W międzyczasie zespół wykonał „Hyperdrive”, „Where We Belong”, „Planet
Of The Apes” oraz „Ziltoid Goes Home”. Spore wrażenie robiła (pokaźna
gabarytowo) czarna „strzała” Devina, po którą muzyk kilkakrotnie sięgał
tego wieczoru. Robił to zamiennie z jasną, bardziej gustowną gitarą, o
jasnych podświetleniach. Następnie grupa wzięła się za „Suicide”,
podczas którego – jak się nie mylę – latały papierowe samoloty, a
później nadeszła pora na „Supercrush!”, gdzie znów nastąpiła zmiana
gitar i przez pewien czas dało się usłyszeć wsparcie wokalne
publiczności.
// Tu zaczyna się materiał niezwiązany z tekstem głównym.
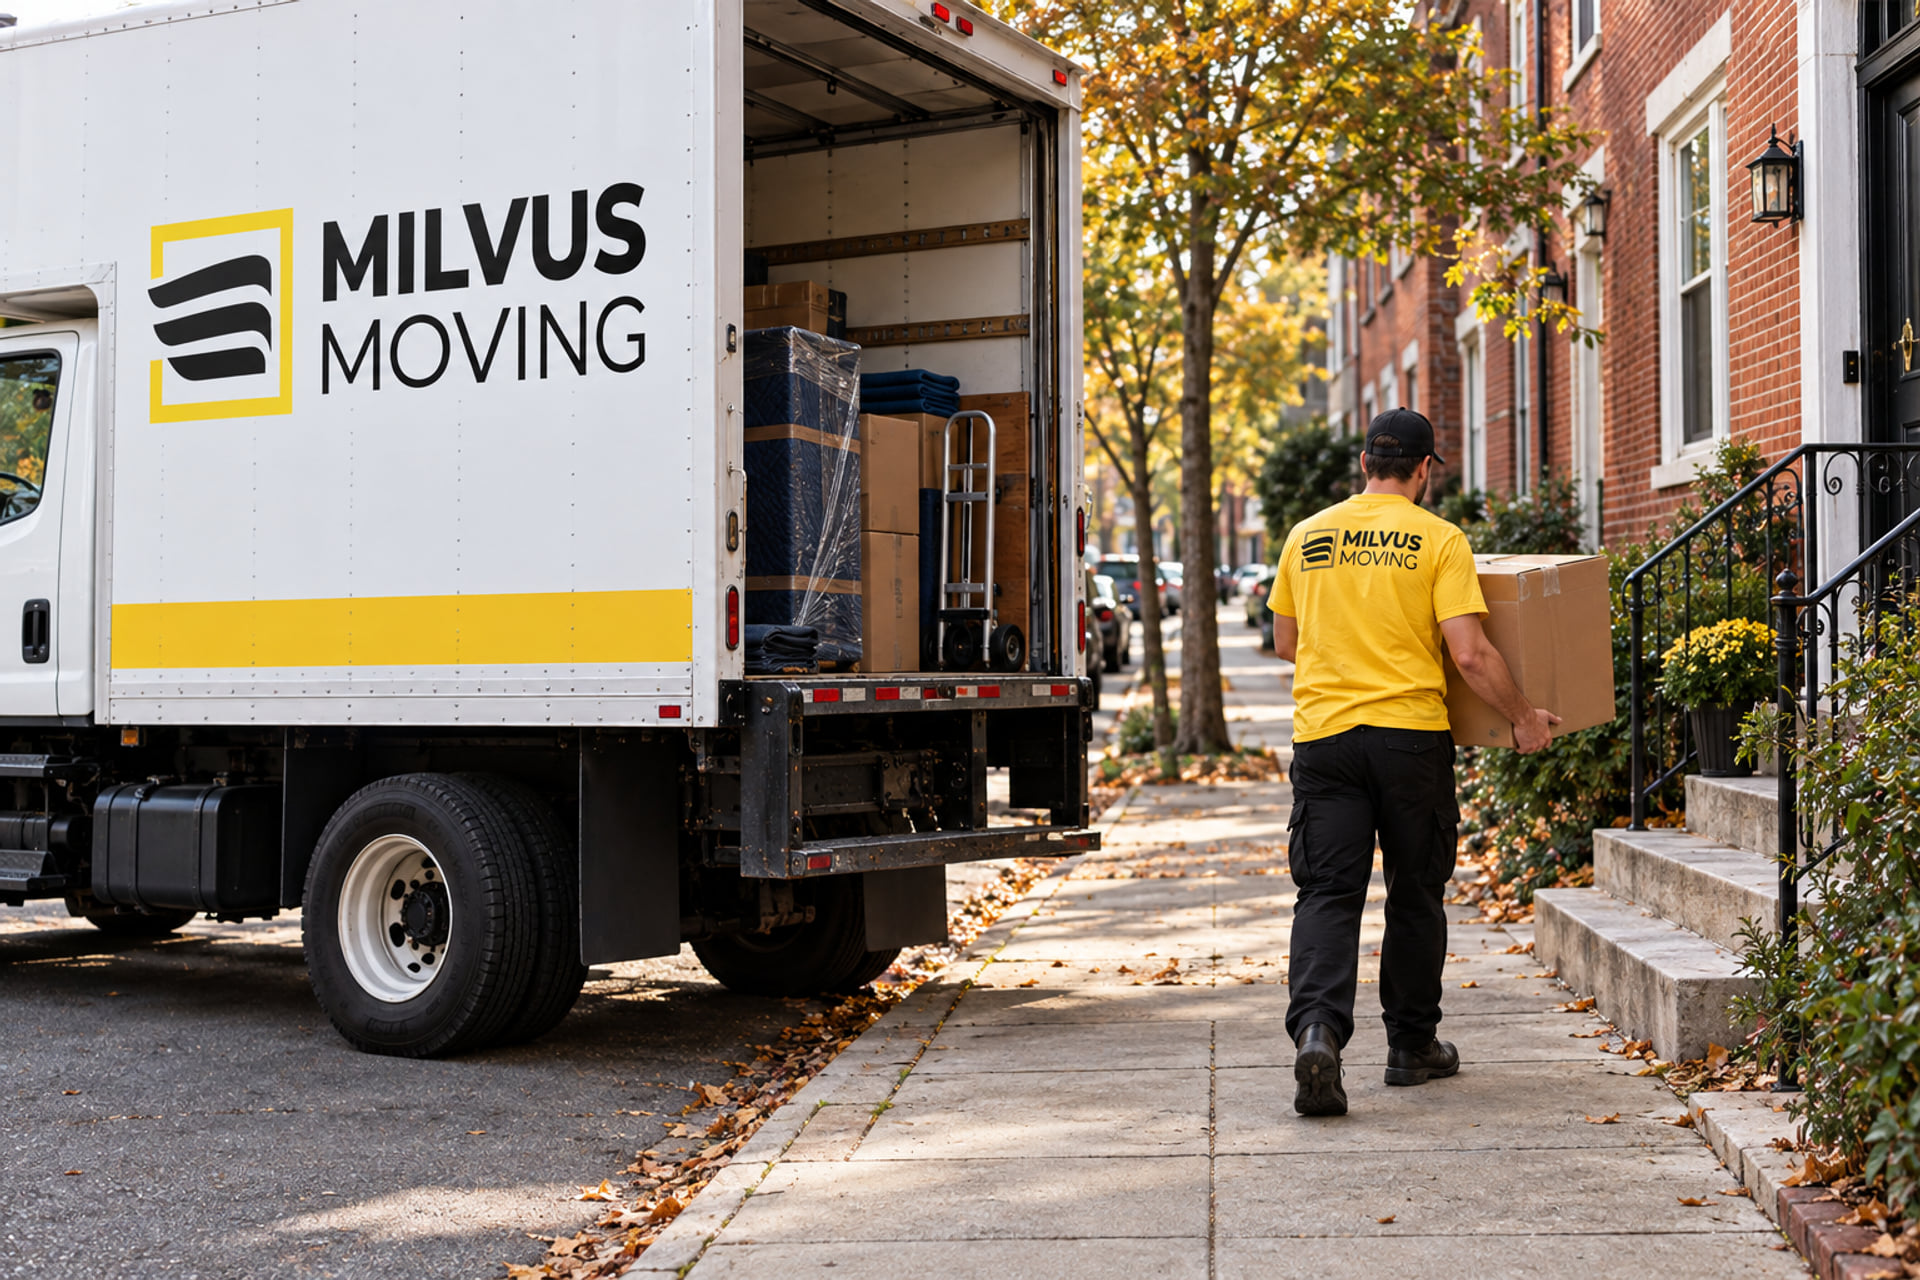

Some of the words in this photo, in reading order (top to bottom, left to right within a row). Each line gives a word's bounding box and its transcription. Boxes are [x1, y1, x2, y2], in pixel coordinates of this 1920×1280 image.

Fenomenalne wrażenie zrobił kolejny „March Of The Poozers”
– utwór na żywo ma potężną moc niż na płycie. Po raz kolejny dało się
też dojrzeć pacynki Ziltoida, które co niektórzy wznosili w górę.
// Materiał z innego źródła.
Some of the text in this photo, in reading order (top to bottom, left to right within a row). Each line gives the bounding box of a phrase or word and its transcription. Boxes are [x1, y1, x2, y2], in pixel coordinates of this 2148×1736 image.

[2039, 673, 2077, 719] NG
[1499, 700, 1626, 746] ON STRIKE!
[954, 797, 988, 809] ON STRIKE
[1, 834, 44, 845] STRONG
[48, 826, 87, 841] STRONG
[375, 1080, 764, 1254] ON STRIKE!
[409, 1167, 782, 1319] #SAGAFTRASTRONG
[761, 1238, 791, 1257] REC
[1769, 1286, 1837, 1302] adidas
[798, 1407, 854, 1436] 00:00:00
Później panowie wykonali jeszcze „Kingdom”, gdzie wsparł ich dodatkowy
„gitarzysta” i przy tej okazji muzycy szarpnęli się na synchronizowane
ruchy w stylu heavy. W tym momencie nastąpił koniec części oficjalnej i
muzycy zniknęli ze sceny.
Pewnie nikogo nie zdziwi, że Devin już za około minutę wyszedł z
powrotem. Najpierw wykonał akustycznie „Ih-Ah!”, podczas którego wśród
publiczności ujawnił się romantyczny osobnik, co rozbawiło samego
Devina. Natomiast na sam koniec muzyk sięgnął ponownie po premierowy
materiał i tak też przy dźwiękach „Higher” wieczór z DEVIN TOWNSEND
PROJECT dobiegł końca.
Ogólne wrażenia… Gdyby nie przykry incydent, byłyby one dużo lepsze.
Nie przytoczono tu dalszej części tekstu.